TABLE 2 comparison of the number (%) of 16S rRNA sequences from fecal specimens that identified bacterial "species" levels
The method of the invention Gold standard method General procedure
Mean value of 95.63879314 57.95386165 37.86043291
Minimum value 79.08627377 17.30607673 4.708447103
Maximum value 99.63109019 95.20708518 86.63499335
Median value 97.26925676 59.6504776 38.1376648
*: the methods of the invention and commonly used methods (using the Silva-13216 SrRNA database plus RDPlasifier Bayesian algorithm): the number of sequences of OPU can be annotated per sequence of all 16S rRNA genes V3-V4 region in each specimen; gold standard method: the number of OPU sequences per the full-length sequence of all 16S rRNA genes in each specimen can be annotated.
We used the same data, namely the llominina MiSeq platform to carry out 16S rRNA gene V3-V4 region sequencing data, respectively analyzed by the database alignment method constructed in the invention and the Silva _13216 SrRNAdabase database and RDP classifier Bayesian algorithm which are commonly used at present, and compared the number of sequences determined to be of the 'seed' level. The comparison result shows that the database and the comparison method established in the invention can identify 95.6% of sequences to the seed level on average, while the Silva _13216SrRNADatabase database and RDP classifier Bayesian algorithm which are commonly used at present can only identify 38.1% of sequences to the seed level.
(2) The average number of bacterial species which can be detected by each fecal specimen in the method of the invention can reach 92.9(OPU)
TABLE 3 comparison of the number of bacteria "species" (OPU) that can be detected per stool specimen
Gold standard method The method of the invention General procedure
Mean value of 92.9137931 140.4741379 82.07758621
Minimum value 34 99 61
Maximum value 171 179 108
Median value 94 139.5 81
In terms of the number of "species" found, the database and alignment software constructed in the present invention found 140.47 "species" per sample on average, whereas the gold standard method found 92.91 "species" per sample on average, and the currently used database and alignment software (e.g., Silva-13216 SrRNA database plus RDP classifier Bayesian algorithm) found only 82.08 "species" per sample on average (see attached Table 3).

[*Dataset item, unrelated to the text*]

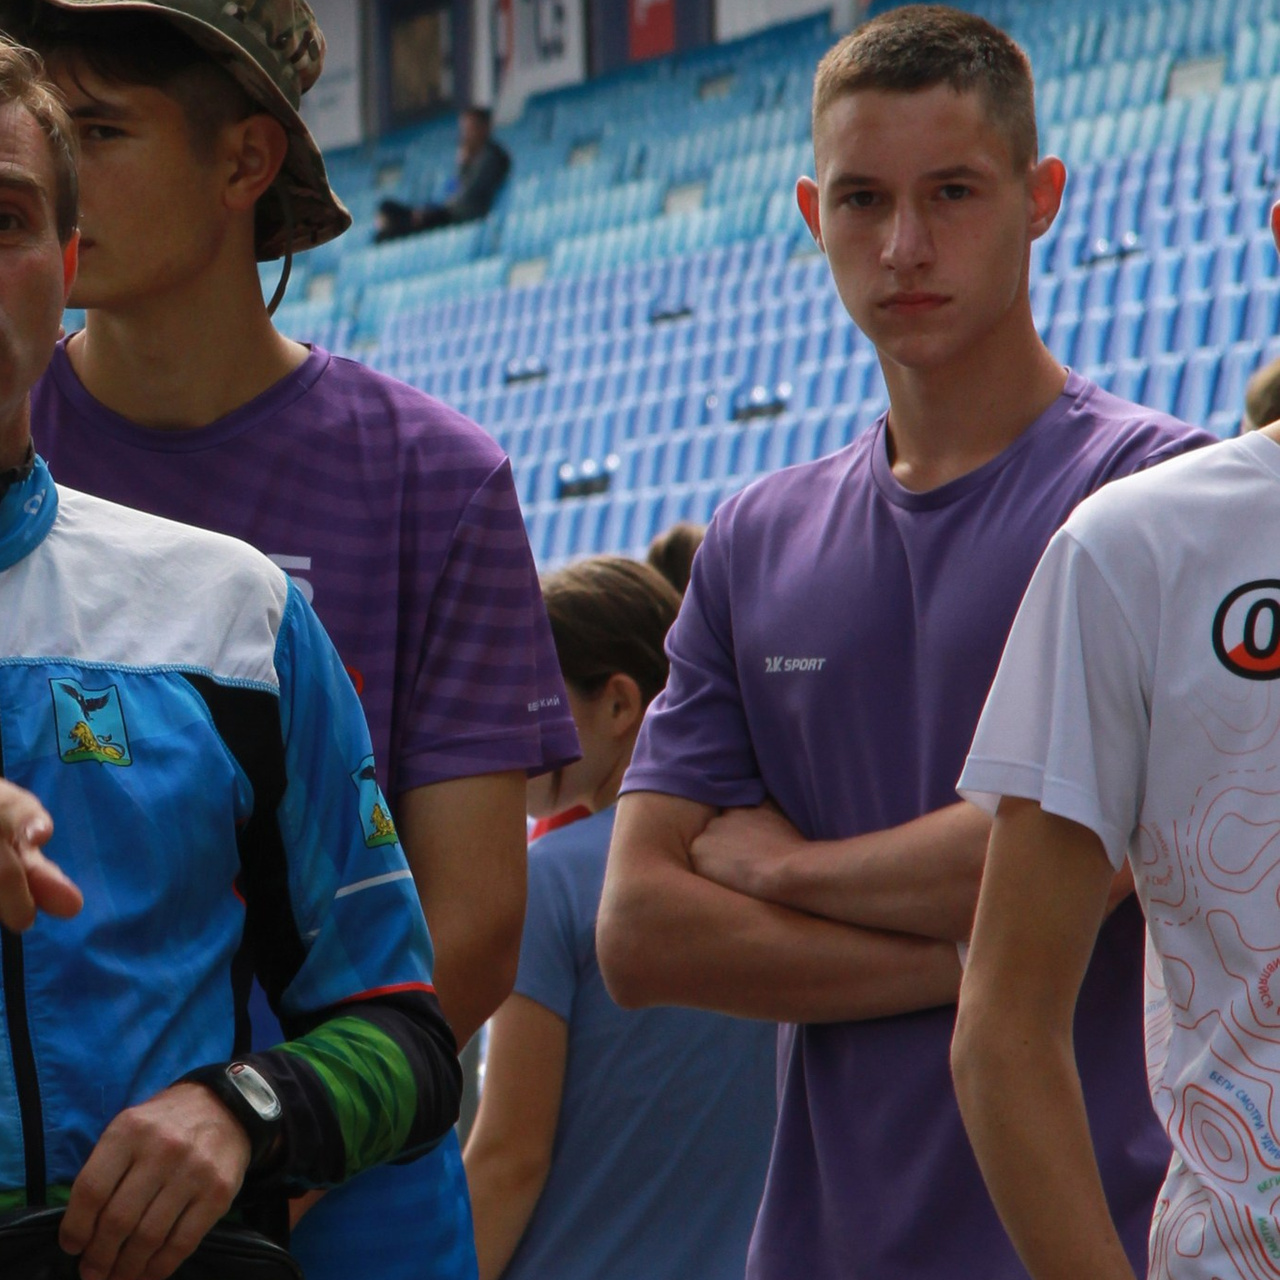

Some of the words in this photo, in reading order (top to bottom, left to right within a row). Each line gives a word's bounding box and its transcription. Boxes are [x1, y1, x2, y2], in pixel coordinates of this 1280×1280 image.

[784, 658, 826, 672] SPORT
[1209, 1070, 1235, 1092] БЕГИ
[1235, 1089, 1265, 1130] СМОТРИ

The data show that the database and the comparison software constructed in the invention can find more species, and have important value for analyzing the structure and abundance of the intestinal flora.
Application example 2: the method of the invention is adopted for the analysis of the composition and the composition ratio of the fecal flora in clinical patient samples
The method comprises the steps of analyzing 16S rRNA gene data of 120 healthy human intestinal flora, determining standard thresholds of intestinal flora with different compositions in healthy people, and constructing a reference standard for standard routine inspection of the human intestinal flora. Fig. 5 shows the percentage composition threshold values of 116 OPUs called intestinal resident bacteria groups, which indicate a detection rate of 60% or more. On the basis, the method is adopted to analyze the composition and abundance of the fecal flora of 3 clinical patients, and the fecal flora is compared and analyzed with the structure and abundance of the flora of a reference population, so that the analysis can be performed for evaluating the intestinal flora condition of the patients, and the correlation with diseases is also related. FIG. 5 shows the results of analysis of the diversity and composition ratio of intestinal flora in healthy humans.
The human intestinal bacteria not only can influence the weight and the digestive ability, resist the risks of infection and autoimmune diseases, but also can control the response of the human body to disease treatment drugs. Therefore, the research obtains the diversity and composition ratio data of human intestinal flora, and the data can be used as indicators of health and disease states. Doctors analyze, judge and diagnose the diseases and health conditions of patients by reading the diversity and composition ratio data of human flora.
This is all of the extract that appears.